TASK OBJECTIVE: Could you reproduce, exactly as written, every line from the one containing "Some of the text" through the last line of the records, and nothing else?

DATA EXCERPTS:
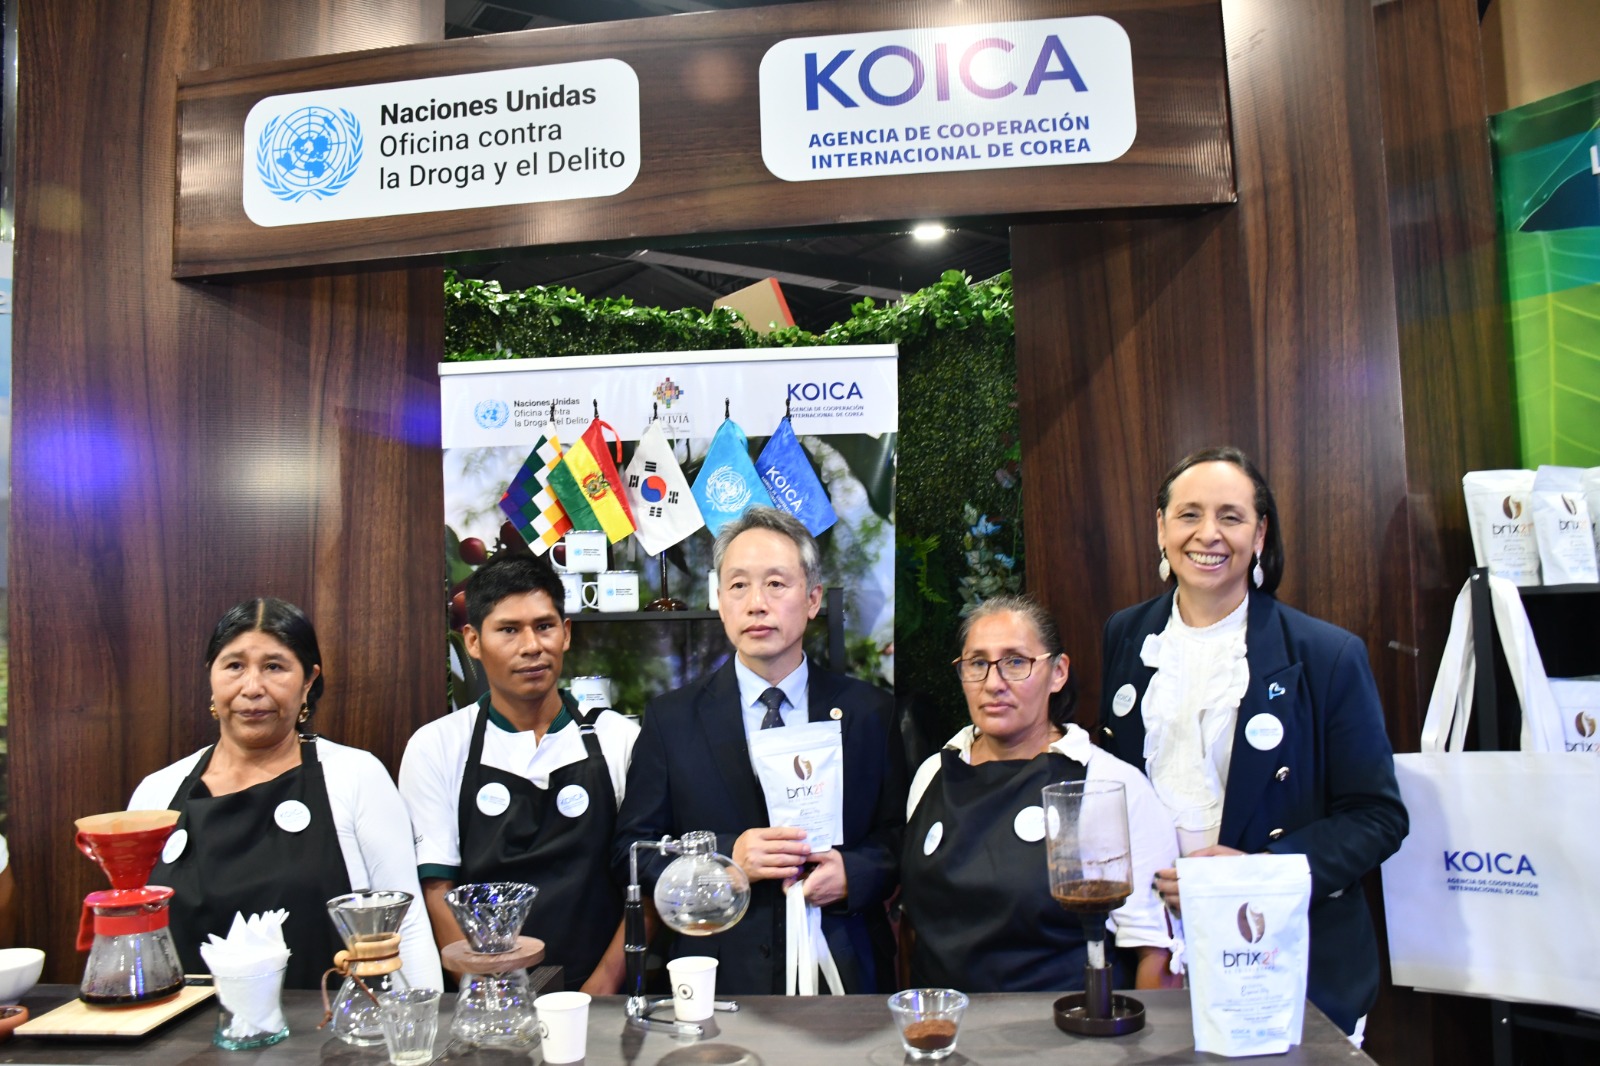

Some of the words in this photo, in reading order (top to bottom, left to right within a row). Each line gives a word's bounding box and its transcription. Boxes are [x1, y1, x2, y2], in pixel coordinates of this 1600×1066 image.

[805, 34, 1088, 111] KOICA
[380, 98, 498, 126] Naciones
[506, 84, 597, 113] Unidas
[379, 129, 469, 158] Oficina
[478, 121, 562, 148] contra
[808, 128, 899, 148] AGENCIA
[905, 125, 931, 142] DE
[937, 112, 1090, 140] COOPERACIÓN
[380, 167, 400, 190] la
[410, 162, 485, 188] Droga
[494, 161, 508, 185] y
[516, 152, 538, 176] el
[548, 146, 625, 174] Delito
[811, 146, 982, 169] INTERNACIONAL
[988, 141, 1014, 158] DE
[1020, 137, 1091, 156] COREA
[514, 399, 550, 408] Naciones
[552, 397, 580, 406] Unidas
[787, 382, 863, 401] KOICA
[514, 410, 542, 418] Oficina
[524, 419, 548, 428] Droga
[566, 416, 589, 426] Delito
[766, 466, 803, 513] KOICA
[1444, 850, 1536, 876] KOICA
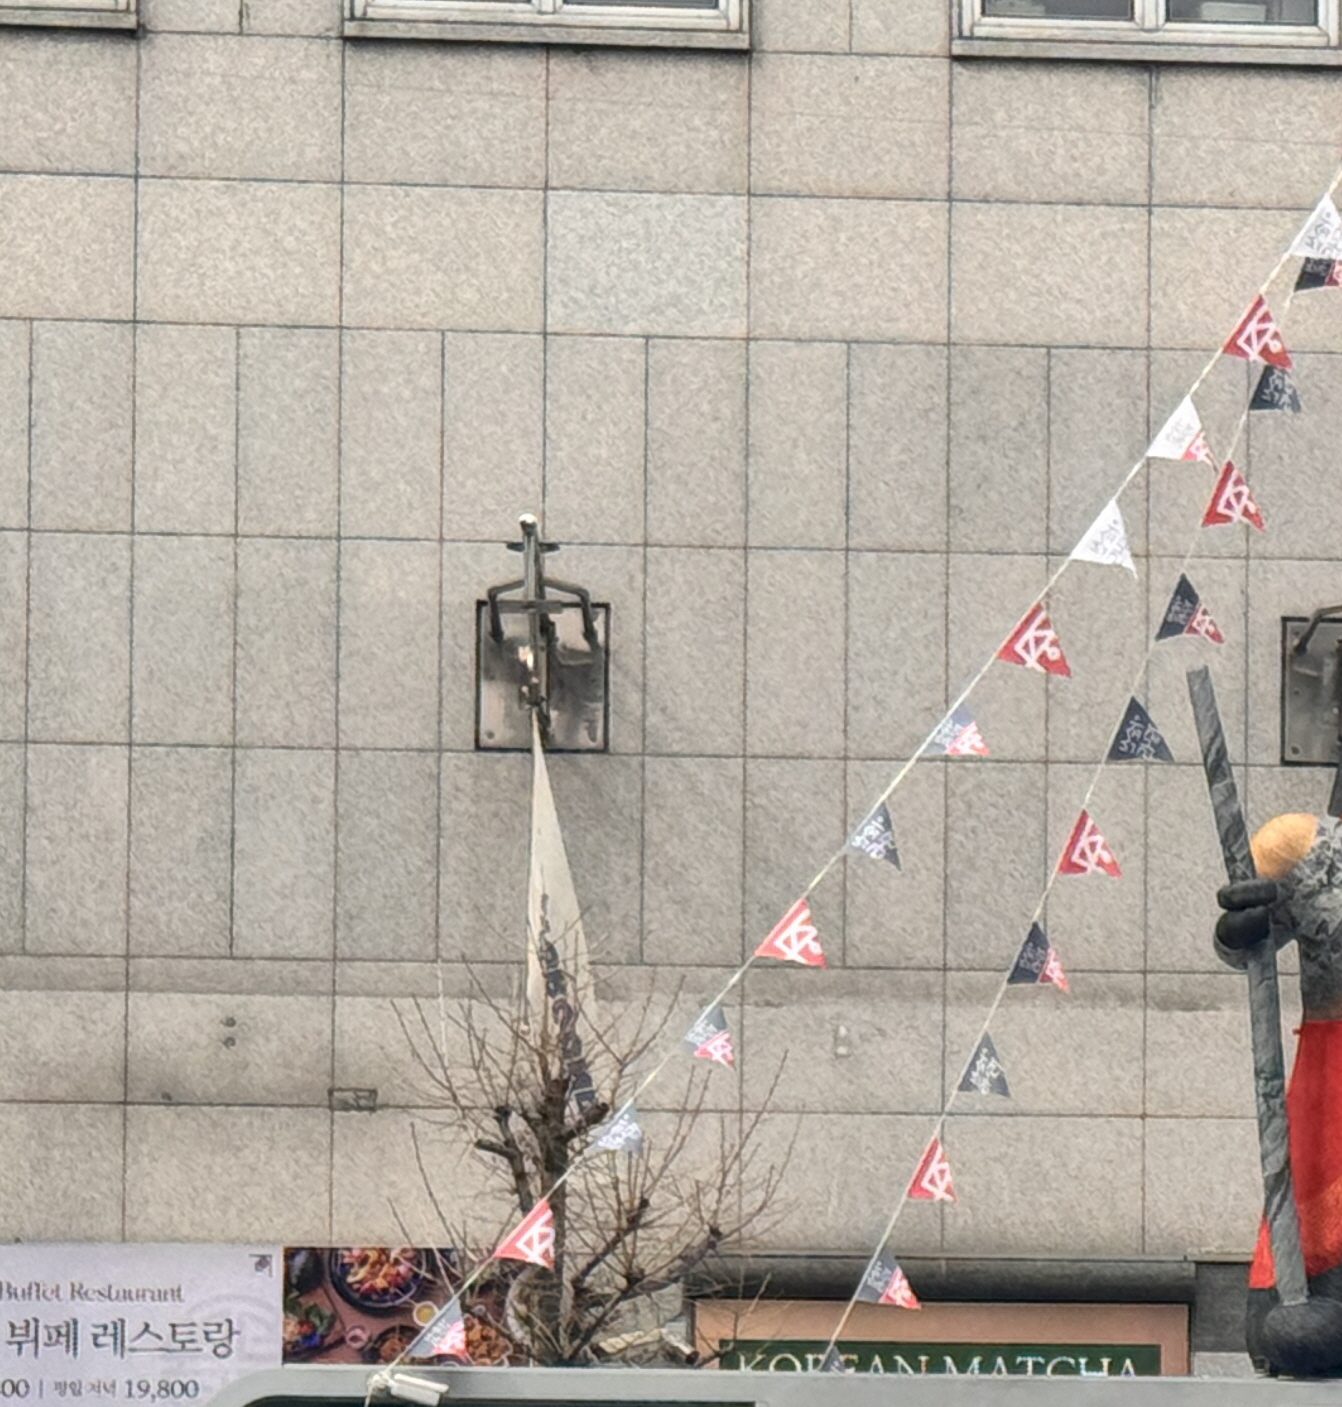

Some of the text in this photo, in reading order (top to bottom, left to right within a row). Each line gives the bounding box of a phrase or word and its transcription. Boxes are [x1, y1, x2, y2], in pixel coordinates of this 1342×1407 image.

[70, 1281, 185, 1301] Restaurant
[6, 1317, 242, 1359] 뷔페 레스토랑
[125, 1379, 200, 1403] 19,800

SOLUTION FOR THIS EXERCISE:
Some of the text in this photo, in reading order (top to bottom, left to right within a row). Each line gives the bounding box of a phrase or word and its transcription. Boxes are [x1, y1, x2, y2], in pixel coordinates of this 1342×1407 image.

[70, 1281, 185, 1301] Restaurant
[6, 1317, 242, 1359] 뷔페 레스토랑
[125, 1379, 200, 1403] 19,800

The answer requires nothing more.